▶ Problem description: Each entry must be written out again exactly as it stands.

▶ Dataset entries:
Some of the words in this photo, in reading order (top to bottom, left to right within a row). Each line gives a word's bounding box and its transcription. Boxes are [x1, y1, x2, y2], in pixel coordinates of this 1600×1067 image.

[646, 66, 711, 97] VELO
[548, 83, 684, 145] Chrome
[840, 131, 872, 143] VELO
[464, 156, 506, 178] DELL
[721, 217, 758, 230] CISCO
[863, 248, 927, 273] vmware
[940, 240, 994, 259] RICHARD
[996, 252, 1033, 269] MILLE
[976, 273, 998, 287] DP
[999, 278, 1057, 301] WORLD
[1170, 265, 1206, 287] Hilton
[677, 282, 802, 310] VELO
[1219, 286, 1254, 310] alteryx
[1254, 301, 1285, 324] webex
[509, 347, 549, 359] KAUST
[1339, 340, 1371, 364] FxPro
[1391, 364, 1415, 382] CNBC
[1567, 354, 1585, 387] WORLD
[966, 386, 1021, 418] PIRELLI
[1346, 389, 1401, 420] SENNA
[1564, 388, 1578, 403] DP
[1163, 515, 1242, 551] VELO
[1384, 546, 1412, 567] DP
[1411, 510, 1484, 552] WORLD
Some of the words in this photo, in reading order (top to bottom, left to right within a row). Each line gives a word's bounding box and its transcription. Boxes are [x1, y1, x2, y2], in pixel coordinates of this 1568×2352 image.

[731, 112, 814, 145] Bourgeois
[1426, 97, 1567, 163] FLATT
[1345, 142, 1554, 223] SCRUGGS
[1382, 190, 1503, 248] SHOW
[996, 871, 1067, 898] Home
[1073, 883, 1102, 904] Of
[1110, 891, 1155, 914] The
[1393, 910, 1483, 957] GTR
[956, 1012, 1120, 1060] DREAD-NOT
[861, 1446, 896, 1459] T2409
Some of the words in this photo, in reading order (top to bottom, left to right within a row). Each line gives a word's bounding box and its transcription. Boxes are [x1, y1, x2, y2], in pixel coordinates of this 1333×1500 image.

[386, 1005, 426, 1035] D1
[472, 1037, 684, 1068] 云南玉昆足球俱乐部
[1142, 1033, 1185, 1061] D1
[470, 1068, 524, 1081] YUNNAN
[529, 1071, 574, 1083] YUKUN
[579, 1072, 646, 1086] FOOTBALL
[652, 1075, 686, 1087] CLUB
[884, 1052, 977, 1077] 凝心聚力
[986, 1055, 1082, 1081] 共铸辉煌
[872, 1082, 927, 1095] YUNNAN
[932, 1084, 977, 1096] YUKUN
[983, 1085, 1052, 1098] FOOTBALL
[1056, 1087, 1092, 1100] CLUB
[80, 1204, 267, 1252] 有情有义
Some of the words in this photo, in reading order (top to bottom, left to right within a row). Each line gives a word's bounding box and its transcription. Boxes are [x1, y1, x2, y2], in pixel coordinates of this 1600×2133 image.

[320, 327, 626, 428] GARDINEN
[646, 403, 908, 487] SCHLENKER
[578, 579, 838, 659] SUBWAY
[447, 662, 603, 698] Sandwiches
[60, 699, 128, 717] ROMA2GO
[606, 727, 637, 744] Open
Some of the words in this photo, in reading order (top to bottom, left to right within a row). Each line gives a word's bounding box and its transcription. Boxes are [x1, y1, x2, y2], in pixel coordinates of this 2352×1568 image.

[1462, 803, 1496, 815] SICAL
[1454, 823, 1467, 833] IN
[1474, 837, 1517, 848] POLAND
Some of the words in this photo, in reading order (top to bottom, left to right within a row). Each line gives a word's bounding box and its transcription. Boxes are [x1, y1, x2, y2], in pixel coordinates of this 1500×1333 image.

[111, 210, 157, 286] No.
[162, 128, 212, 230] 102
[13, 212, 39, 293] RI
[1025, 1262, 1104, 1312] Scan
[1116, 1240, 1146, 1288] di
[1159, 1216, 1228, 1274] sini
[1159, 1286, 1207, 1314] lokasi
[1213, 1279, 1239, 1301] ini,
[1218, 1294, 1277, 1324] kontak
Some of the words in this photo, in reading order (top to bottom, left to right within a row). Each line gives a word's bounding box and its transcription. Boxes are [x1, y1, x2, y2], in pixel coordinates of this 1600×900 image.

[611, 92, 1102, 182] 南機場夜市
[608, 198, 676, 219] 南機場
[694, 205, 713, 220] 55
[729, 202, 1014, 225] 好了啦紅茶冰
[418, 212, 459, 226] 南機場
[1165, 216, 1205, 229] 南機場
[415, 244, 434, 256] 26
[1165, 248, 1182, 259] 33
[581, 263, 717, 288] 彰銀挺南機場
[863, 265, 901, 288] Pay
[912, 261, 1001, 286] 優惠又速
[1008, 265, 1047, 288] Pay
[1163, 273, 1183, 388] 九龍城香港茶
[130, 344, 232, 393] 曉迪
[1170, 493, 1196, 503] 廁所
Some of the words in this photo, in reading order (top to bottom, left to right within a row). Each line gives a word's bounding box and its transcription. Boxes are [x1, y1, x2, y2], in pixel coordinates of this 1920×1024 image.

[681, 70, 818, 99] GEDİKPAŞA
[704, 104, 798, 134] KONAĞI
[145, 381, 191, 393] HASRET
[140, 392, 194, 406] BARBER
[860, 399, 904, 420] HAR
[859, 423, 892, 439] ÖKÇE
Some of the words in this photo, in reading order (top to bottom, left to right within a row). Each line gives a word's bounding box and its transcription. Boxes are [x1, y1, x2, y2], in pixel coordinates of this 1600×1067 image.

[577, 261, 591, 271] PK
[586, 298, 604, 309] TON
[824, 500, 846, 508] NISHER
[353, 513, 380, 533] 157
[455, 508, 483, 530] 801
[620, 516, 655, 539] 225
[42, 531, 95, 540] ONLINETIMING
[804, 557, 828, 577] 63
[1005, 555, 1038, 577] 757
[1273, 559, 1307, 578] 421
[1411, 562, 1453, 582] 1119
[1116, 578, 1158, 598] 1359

▶ Your response:
Some of the words in this photo, in reading order (top to bottom, left to right within a row). Each line gives a word's bounding box and its transcription. Boxes are [x1, y1, x2, y2], in pixel coordinates of this 1600×1067 image.

[646, 66, 711, 97] VELO
[548, 83, 684, 145] Chrome
[840, 131, 872, 143] VELO
[464, 156, 506, 178] DELL
[721, 217, 758, 230] CISCO
[863, 248, 927, 273] vmware
[940, 240, 994, 259] RICHARD
[996, 252, 1033, 269] MILLE
[976, 273, 998, 287] DP
[999, 278, 1057, 301] WORLD
[1170, 265, 1206, 287] Hilton
[677, 282, 802, 310] VELO
[1219, 286, 1254, 310] alteryx
[1254, 301, 1285, 324] webex
[509, 347, 549, 359] KAUST
[1339, 340, 1371, 364] FxPro
[1391, 364, 1415, 382] CNBC
[1567, 354, 1585, 387] WORLD
[966, 386, 1021, 418] PIRELLI
[1346, 389, 1401, 420] SENNA
[1564, 388, 1578, 403] DP
[1163, 515, 1242, 551] VELO
[1384, 546, 1412, 567] DP
[1411, 510, 1484, 552] WORLD
Some of the words in this photo, in reading order (top to bottom, left to right within a row). Each line gives a word's bounding box and its transcription. Boxes are [x1, y1, x2, y2], in pixel coordinates of this 1568×2352 image.

[731, 112, 814, 145] Bourgeois
[1426, 97, 1567, 163] FLATT
[1345, 142, 1554, 223] SCRUGGS
[1382, 190, 1503, 248] SHOW
[996, 871, 1067, 898] Home
[1073, 883, 1102, 904] Of
[1110, 891, 1155, 914] The
[1393, 910, 1483, 957] GTR
[956, 1012, 1120, 1060] DREAD-NOT
[861, 1446, 896, 1459] T2409
Some of the words in this photo, in reading order (top to bottom, left to right within a row). Each line gives a word's bounding box and its transcription. Boxes are [x1, y1, x2, y2], in pixel coordinates of this 1333×1500 image.

[386, 1005, 426, 1035] D1
[472, 1037, 684, 1068] 云南玉昆足球俱乐部
[1142, 1033, 1185, 1061] D1
[470, 1068, 524, 1081] YUNNAN
[529, 1071, 574, 1083] YUKUN
[579, 1072, 646, 1086] FOOTBALL
[652, 1075, 686, 1087] CLUB
[884, 1052, 977, 1077] 凝心聚力
[986, 1055, 1082, 1081] 共铸辉煌
[872, 1082, 927, 1095] YUNNAN
[932, 1084, 977, 1096] YUKUN
[983, 1085, 1052, 1098] FOOTBALL
[1056, 1087, 1092, 1100] CLUB
[80, 1204, 267, 1252] 有情有义
Some of the words in this photo, in reading order (top to bottom, left to right within a row). Each line gives a word's bounding box and its transcription. Boxes are [x1, y1, x2, y2], in pixel coordinates of this 1600×2133 image.

[320, 327, 626, 428] GARDINEN
[646, 403, 908, 487] SCHLENKER
[578, 579, 838, 659] SUBWAY
[447, 662, 603, 698] Sandwiches
[60, 699, 128, 717] ROMA2GO
[606, 727, 637, 744] Open
Some of the words in this photo, in reading order (top to bottom, left to right within a row). Each line gives a word's bounding box and its transcription. Boxes are [x1, y1, x2, y2], in pixel coordinates of this 2352×1568 image.

[1462, 803, 1496, 815] SICAL
[1454, 823, 1467, 833] IN
[1474, 837, 1517, 848] POLAND
Some of the words in this photo, in reading order (top to bottom, left to right within a row). Each line gives a word's bounding box and its transcription. Boxes are [x1, y1, x2, y2], in pixel coordinates of this 1500×1333 image.

[111, 210, 157, 286] No.
[162, 128, 212, 230] 102
[13, 212, 39, 293] RI
[1025, 1262, 1104, 1312] Scan
[1116, 1240, 1146, 1288] di
[1159, 1216, 1228, 1274] sini
[1159, 1286, 1207, 1314] lokasi
[1213, 1279, 1239, 1301] ini,
[1218, 1294, 1277, 1324] kontak
Some of the words in this photo, in reading order (top to bottom, left to right within a row). Each line gives a word's bounding box and its transcription. Boxes are [x1, y1, x2, y2], in pixel coordinates of this 1600×900 image.

[611, 92, 1102, 182] 南機場夜市
[608, 198, 676, 219] 南機場
[694, 205, 713, 220] 55
[729, 202, 1014, 225] 好了啦紅茶冰
[418, 212, 459, 226] 南機場
[1165, 216, 1205, 229] 南機場
[415, 244, 434, 256] 26
[1165, 248, 1182, 259] 33
[581, 263, 717, 288] 彰銀挺南機場
[863, 265, 901, 288] Pay
[912, 261, 1001, 286] 優惠又速
[1008, 265, 1047, 288] Pay
[1163, 273, 1183, 388] 九龍城香港茶
[130, 344, 232, 393] 曉迪
[1170, 493, 1196, 503] 廁所
Some of the words in this photo, in reading order (top to bottom, left to right within a row). Each line gives a word's bounding box and its transcription. Boxes are [x1, y1, x2, y2], in pixel coordinates of this 1920×1024 image.

[681, 70, 818, 99] GEDİKPAŞA
[704, 104, 798, 134] KONAĞI
[145, 381, 191, 393] HASRET
[140, 392, 194, 406] BARBER
[860, 399, 904, 420] HAR
[859, 423, 892, 439] ÖKÇE
Some of the words in this photo, in reading order (top to bottom, left to right within a row). Each line gives a word's bounding box and its transcription. Boxes are [x1, y1, x2, y2], in pixel coordinates of this 1600×1067 image.

[577, 261, 591, 271] PK
[586, 298, 604, 309] TON
[824, 500, 846, 508] NISHER
[353, 513, 380, 533] 157
[455, 508, 483, 530] 801
[620, 516, 655, 539] 225
[42, 531, 95, 540] ONLINETIMING
[804, 557, 828, 577] 63
[1005, 555, 1038, 577] 757
[1273, 559, 1307, 578] 421
[1411, 562, 1453, 582] 1119
[1116, 578, 1158, 598] 1359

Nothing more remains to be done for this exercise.